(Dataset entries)
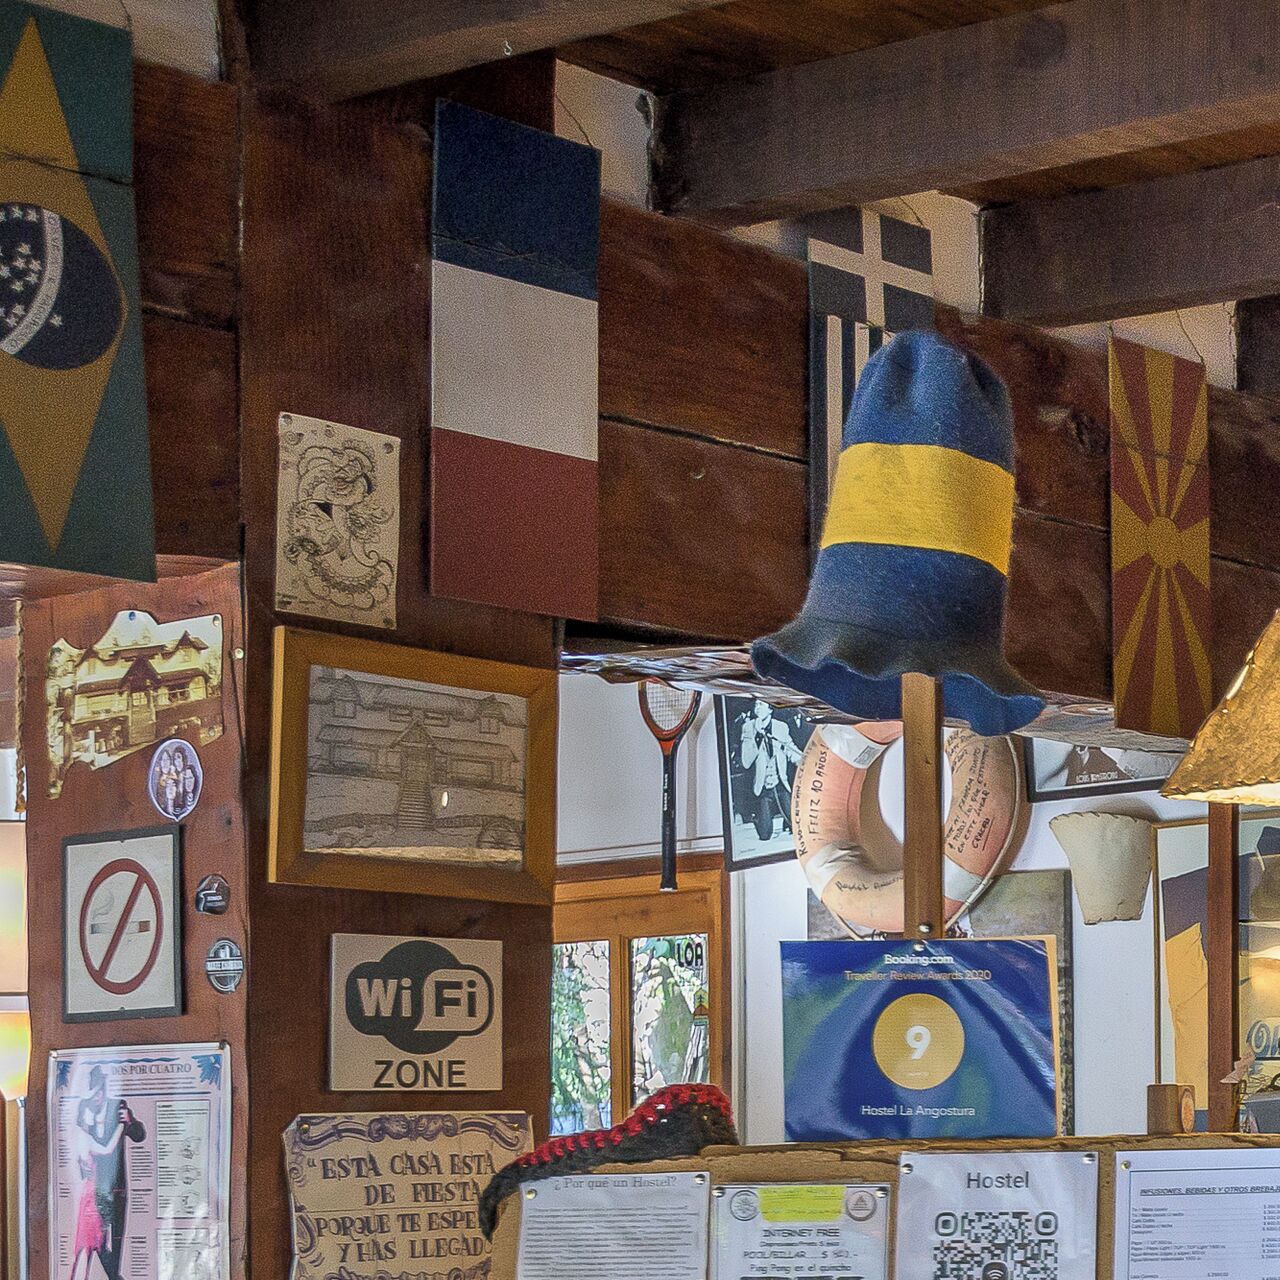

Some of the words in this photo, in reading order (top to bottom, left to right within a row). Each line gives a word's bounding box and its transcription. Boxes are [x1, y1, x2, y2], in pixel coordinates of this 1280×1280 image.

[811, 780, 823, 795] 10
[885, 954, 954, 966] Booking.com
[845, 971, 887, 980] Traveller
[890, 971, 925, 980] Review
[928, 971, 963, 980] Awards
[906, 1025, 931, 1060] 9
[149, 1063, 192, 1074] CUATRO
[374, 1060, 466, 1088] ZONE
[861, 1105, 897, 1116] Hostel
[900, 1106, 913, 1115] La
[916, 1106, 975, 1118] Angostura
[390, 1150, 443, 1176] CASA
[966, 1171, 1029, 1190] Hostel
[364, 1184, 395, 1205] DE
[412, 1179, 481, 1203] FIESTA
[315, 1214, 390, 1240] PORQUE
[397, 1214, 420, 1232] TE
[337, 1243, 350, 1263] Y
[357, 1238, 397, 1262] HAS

WHAT TO DO = Above are the records; return them exactly, minus the pictures.

EXERCISE RESPONSE =
Some of the words in this photo, in reading order (top to bottom, left to right within a row). Each line gives a word's bounding box and its transcription. Boxes are [x1, y1, x2, y2], in pixel coordinates of this 1280×1280 image.

[811, 780, 823, 795] 10
[885, 954, 954, 966] Booking.com
[845, 971, 887, 980] Traveller
[890, 971, 925, 980] Review
[928, 971, 963, 980] Awards
[906, 1025, 931, 1060] 9
[149, 1063, 192, 1074] CUATRO
[374, 1060, 466, 1088] ZONE
[861, 1105, 897, 1116] Hostel
[900, 1106, 913, 1115] La
[916, 1106, 975, 1118] Angostura
[390, 1150, 443, 1176] CASA
[966, 1171, 1029, 1190] Hostel
[364, 1184, 395, 1205] DE
[412, 1179, 481, 1203] FIESTA
[315, 1214, 390, 1240] PORQUE
[397, 1214, 420, 1232] TE
[337, 1243, 350, 1263] Y
[357, 1238, 397, 1262] HAS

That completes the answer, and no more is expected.